EXERCISE REQUIREMENTS: Could you transcribe every entry below exactly, leaving out the pictures?

DATA SHOWN:
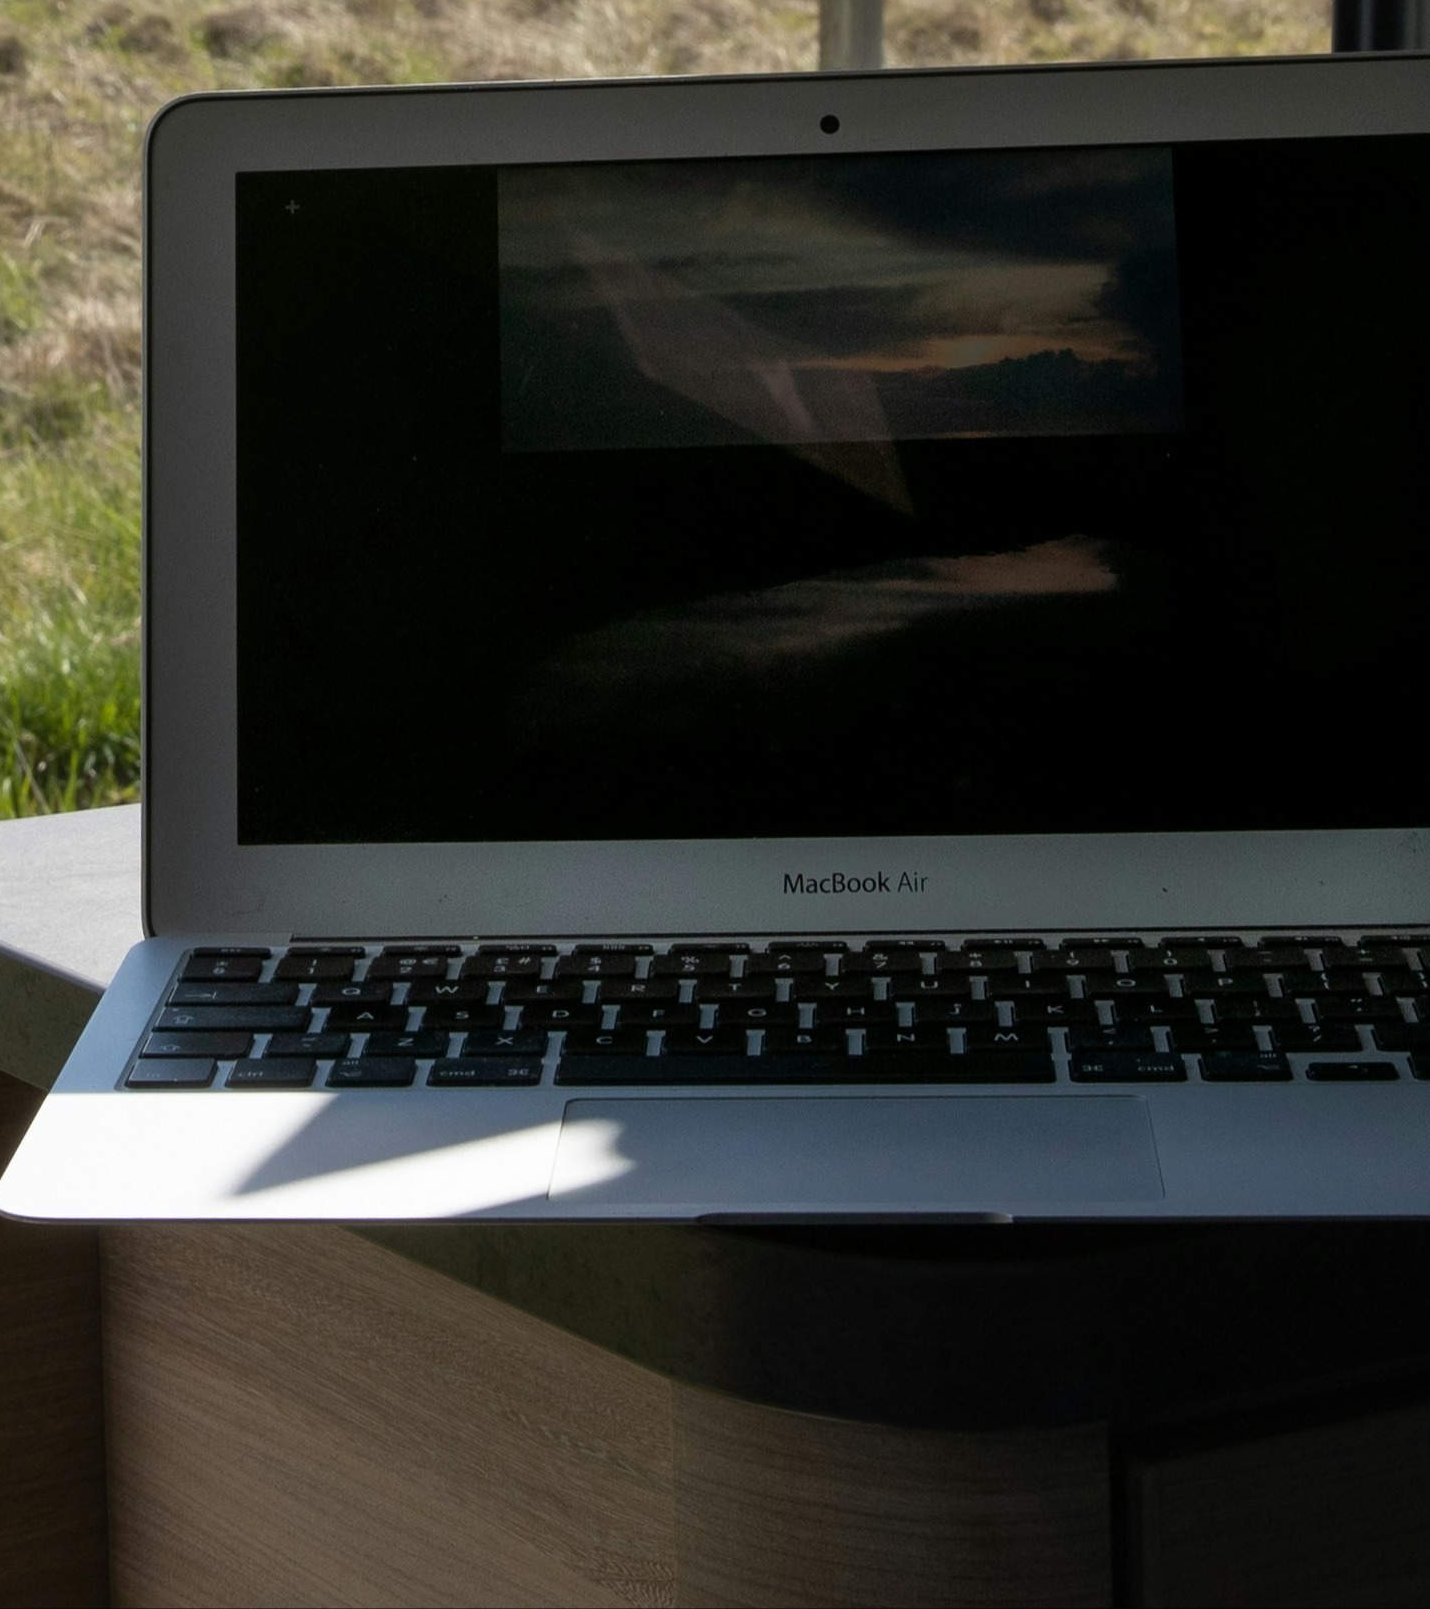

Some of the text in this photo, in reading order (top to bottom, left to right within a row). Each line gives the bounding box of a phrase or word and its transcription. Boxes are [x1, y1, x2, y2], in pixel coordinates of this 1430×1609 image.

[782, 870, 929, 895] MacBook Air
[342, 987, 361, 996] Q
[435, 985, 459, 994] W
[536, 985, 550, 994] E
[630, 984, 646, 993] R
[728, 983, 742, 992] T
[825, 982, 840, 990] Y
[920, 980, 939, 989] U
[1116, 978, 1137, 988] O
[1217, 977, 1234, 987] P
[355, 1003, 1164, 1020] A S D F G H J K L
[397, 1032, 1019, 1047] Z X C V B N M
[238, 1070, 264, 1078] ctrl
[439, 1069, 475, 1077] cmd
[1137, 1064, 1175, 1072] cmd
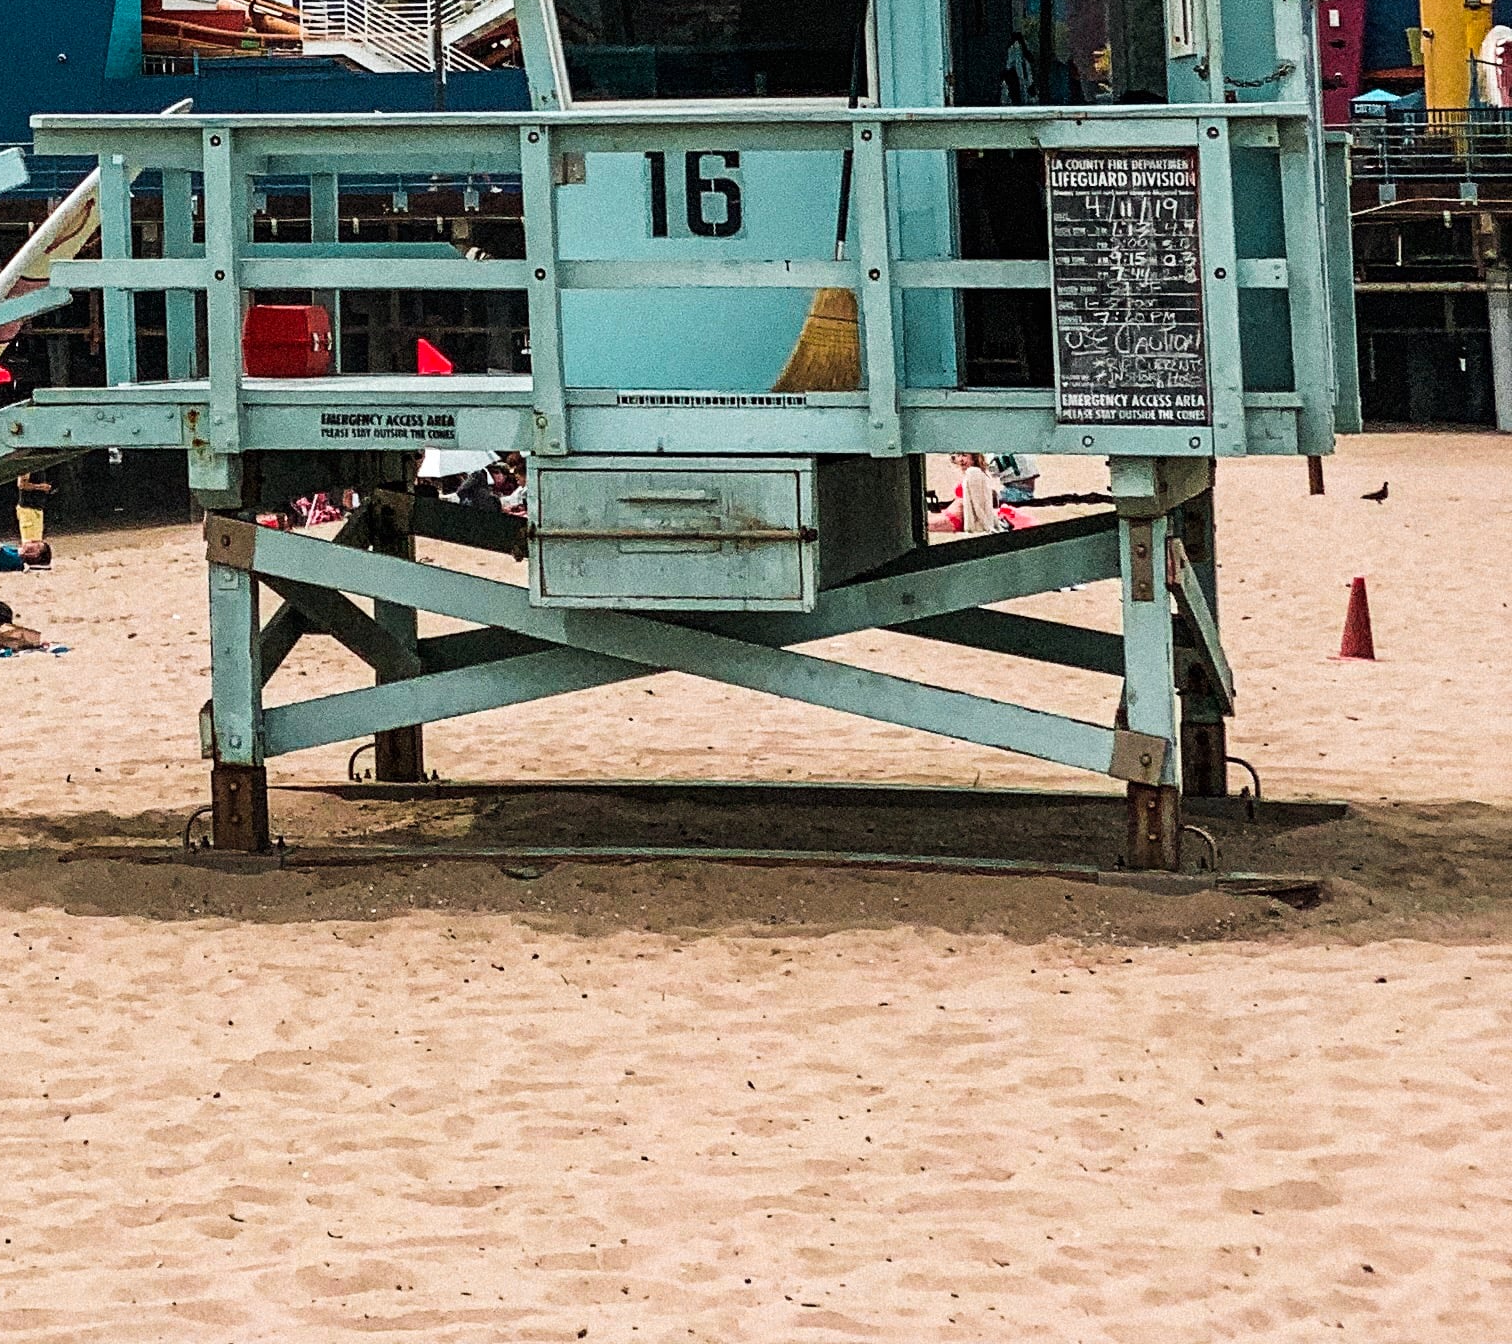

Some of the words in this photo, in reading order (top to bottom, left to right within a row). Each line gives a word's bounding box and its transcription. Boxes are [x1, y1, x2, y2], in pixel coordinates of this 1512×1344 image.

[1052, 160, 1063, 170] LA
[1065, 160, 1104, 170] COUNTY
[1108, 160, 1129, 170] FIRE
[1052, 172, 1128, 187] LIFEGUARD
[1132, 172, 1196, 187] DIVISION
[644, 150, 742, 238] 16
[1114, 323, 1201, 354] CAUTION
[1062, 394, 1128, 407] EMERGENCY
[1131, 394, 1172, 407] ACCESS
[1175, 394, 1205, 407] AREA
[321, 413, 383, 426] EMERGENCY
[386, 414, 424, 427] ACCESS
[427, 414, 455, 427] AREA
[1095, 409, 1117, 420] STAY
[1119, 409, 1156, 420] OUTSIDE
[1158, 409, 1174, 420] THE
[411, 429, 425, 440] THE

TASK ANSWER:
Some of the text in this photo, in reading order (top to bottom, left to right within a row). Each line gives the bounding box of a phrase or word and its transcription. Boxes are [x1, y1, x2, y2], in pixel coordinates of this 1430×1609 image.

[782, 870, 929, 895] MacBook Air
[342, 987, 361, 996] Q
[435, 985, 459, 994] W
[536, 985, 550, 994] E
[630, 984, 646, 993] R
[728, 983, 742, 992] T
[825, 982, 840, 990] Y
[920, 980, 939, 989] U
[1116, 978, 1137, 988] O
[1217, 977, 1234, 987] P
[355, 1003, 1164, 1020] A S D F G H J K L
[397, 1032, 1019, 1047] Z X C V B N M
[238, 1070, 264, 1078] ctrl
[439, 1069, 475, 1077] cmd
[1137, 1064, 1175, 1072] cmd

Some of the words in this photo, in reading order (top to bottom, left to right within a row). Each line gives a word's bounding box and its transcription. Boxes are [x1, y1, x2, y2], in pixel coordinates of this 1512×1344 image.

[1052, 160, 1063, 170] LA
[1065, 160, 1104, 170] COUNTY
[1108, 160, 1129, 170] FIRE
[1052, 172, 1128, 187] LIFEGUARD
[1132, 172, 1196, 187] DIVISION
[644, 150, 742, 238] 16
[1114, 323, 1201, 354] CAUTION
[1062, 394, 1128, 407] EMERGENCY
[1131, 394, 1172, 407] ACCESS
[1175, 394, 1205, 407] AREA
[321, 413, 383, 426] EMERGENCY
[386, 414, 424, 427] ACCESS
[427, 414, 455, 427] AREA
[1095, 409, 1117, 420] STAY
[1119, 409, 1156, 420] OUTSIDE
[1158, 409, 1174, 420] THE
[411, 429, 425, 440] THE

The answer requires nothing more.